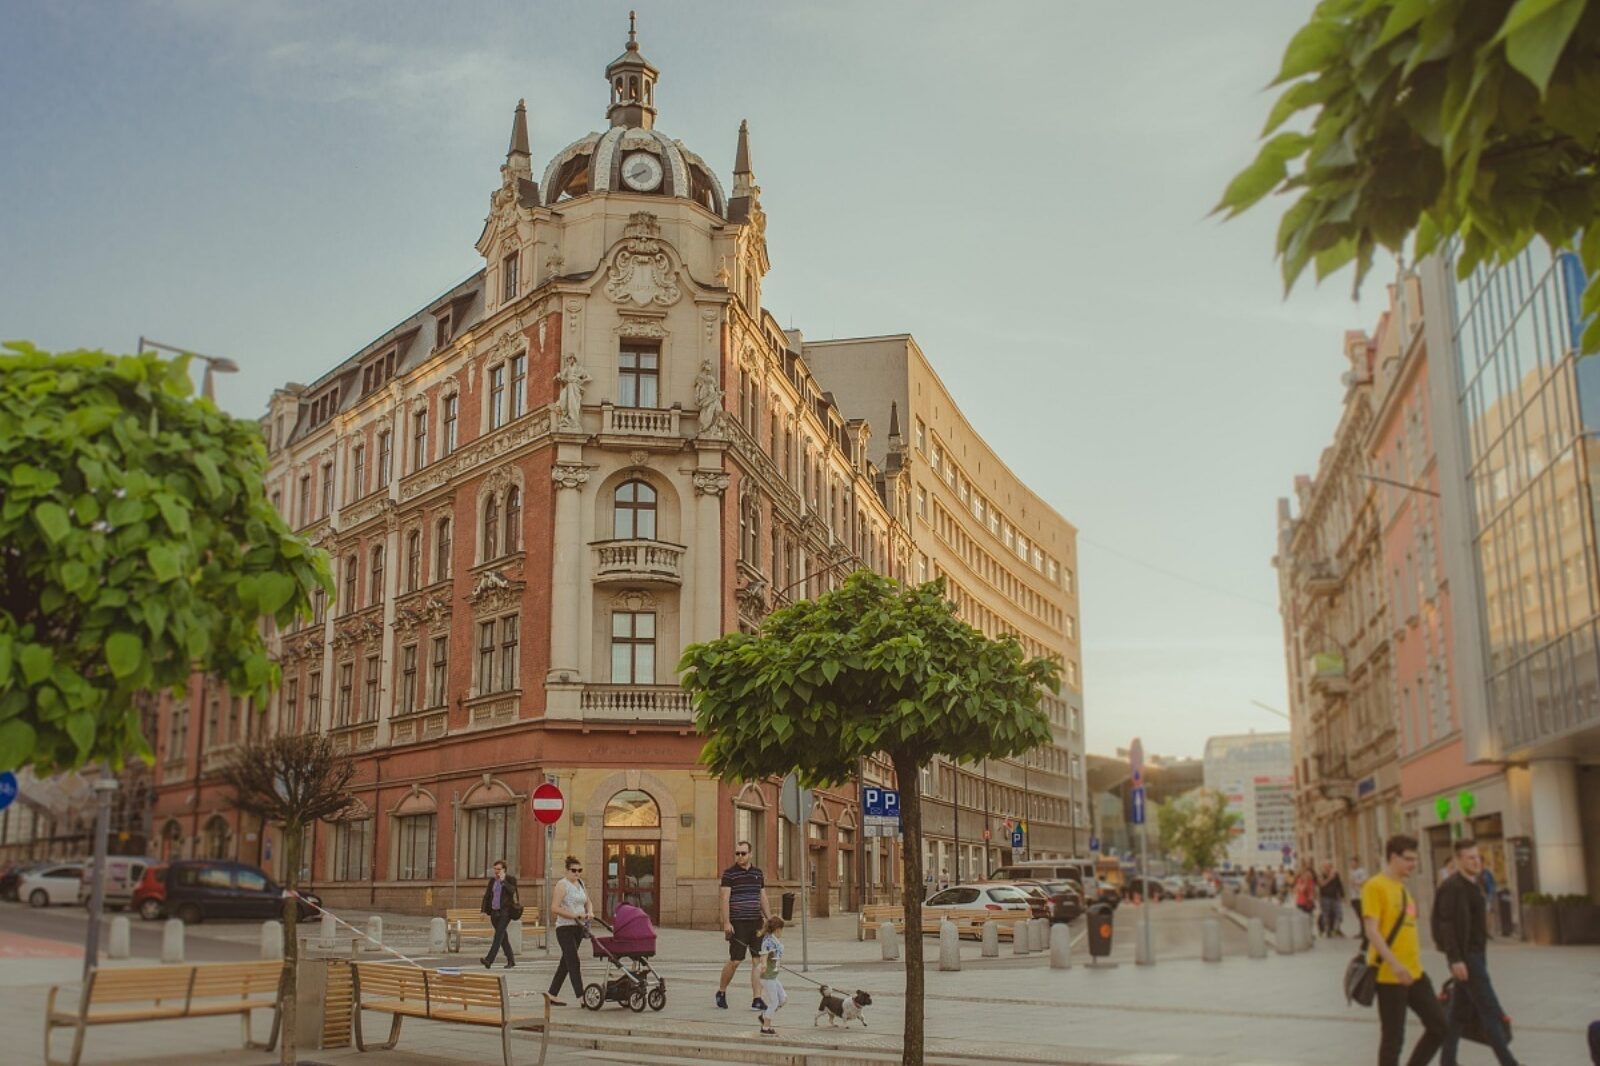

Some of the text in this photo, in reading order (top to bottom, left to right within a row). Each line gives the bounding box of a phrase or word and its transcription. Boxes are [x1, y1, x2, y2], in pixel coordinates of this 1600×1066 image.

[866, 789, 878, 808] P
[884, 793, 896, 810] P
[1013, 833, 1021, 843] P
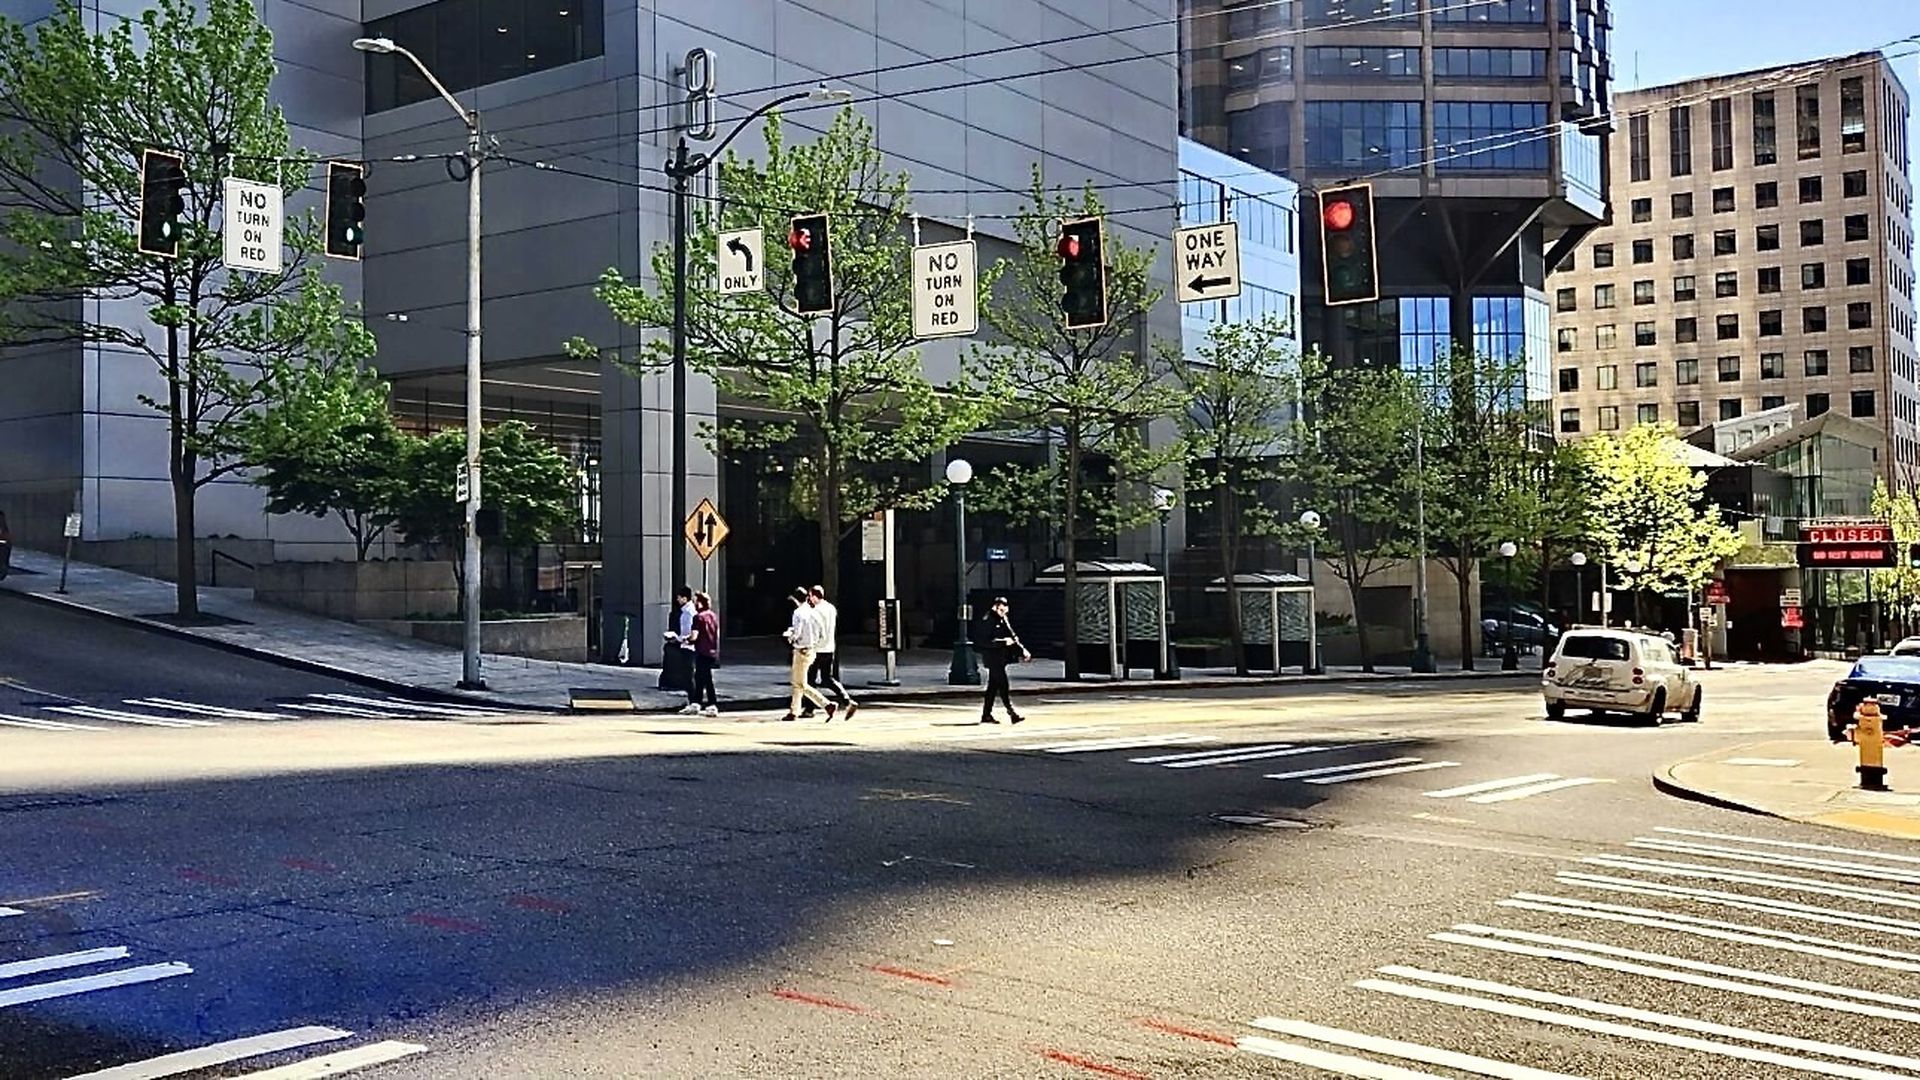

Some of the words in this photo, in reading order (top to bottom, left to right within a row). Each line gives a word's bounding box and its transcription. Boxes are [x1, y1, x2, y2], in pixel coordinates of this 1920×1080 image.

[240, 190, 267, 210] NO
[237, 211, 270, 228] TURN
[243, 229, 262, 244] ON
[1185, 230, 1225, 251] ONE
[240, 246, 266, 262] RED
[928, 252, 959, 273] NO
[1186, 249, 1227, 270] WAY
[724, 274, 758, 290] ONLY
[925, 274, 963, 291] TURN
[934, 293, 955, 308] ON
[931, 310, 959, 327] RED
[1810, 529, 1884, 543] CLOSED
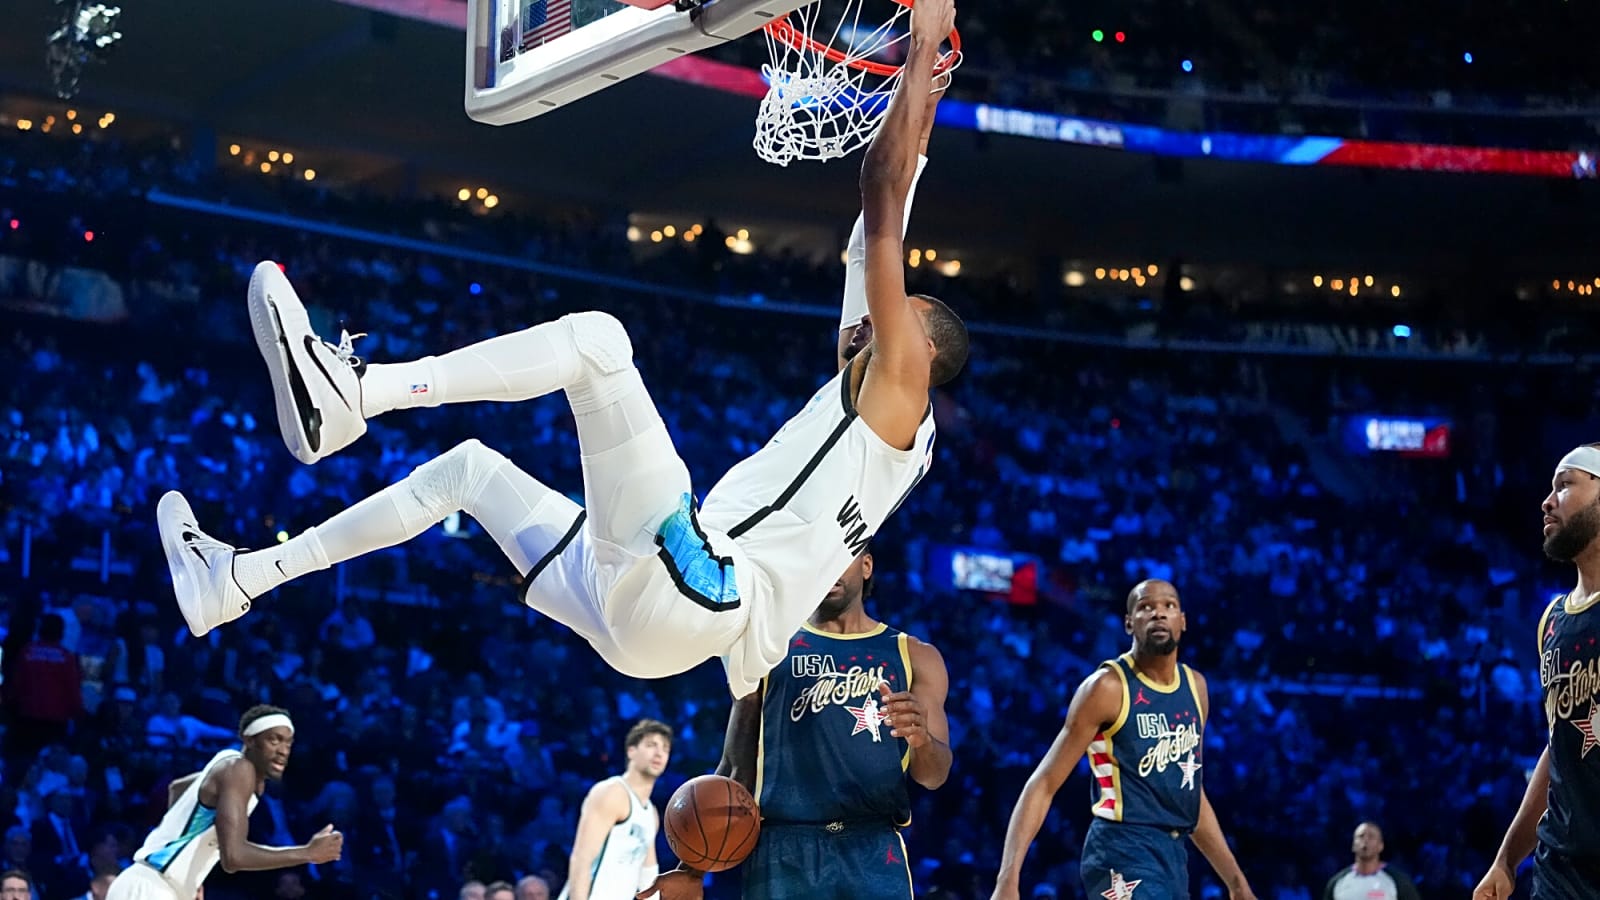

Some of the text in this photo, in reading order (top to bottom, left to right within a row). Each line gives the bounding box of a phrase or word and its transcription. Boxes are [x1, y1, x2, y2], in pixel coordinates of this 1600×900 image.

────────

Write out exactly the lines from the one containing "Some of the words" to the last line of the records above, both included, and leave out any pictures.

## Response box
Some of the words in this photo, in reading order (top to bottom, left to right within a row). Each line gives a word's bounding box and its transcription. Boxes are [x1, y1, x2, y2], in pixel coordinates of this 1920×1080 image.

[240, 190, 267, 210] NO
[237, 211, 270, 228] TURN
[243, 229, 262, 244] ON
[1185, 230, 1225, 251] ONE
[240, 246, 266, 262] RED
[928, 252, 959, 273] NO
[1186, 249, 1227, 270] WAY
[724, 274, 758, 290] ONLY
[925, 274, 963, 291] TURN
[934, 293, 955, 308] ON
[931, 310, 959, 327] RED
[1810, 529, 1884, 543] CLOSED

Some of the text in this photo, in reading order (top to bottom, left to right within a row). Each line gives the bounding box of a phrase or word and its transcription. Boxes are [x1, y1, x2, y2], in pixel coordinates of this 1600×900 image.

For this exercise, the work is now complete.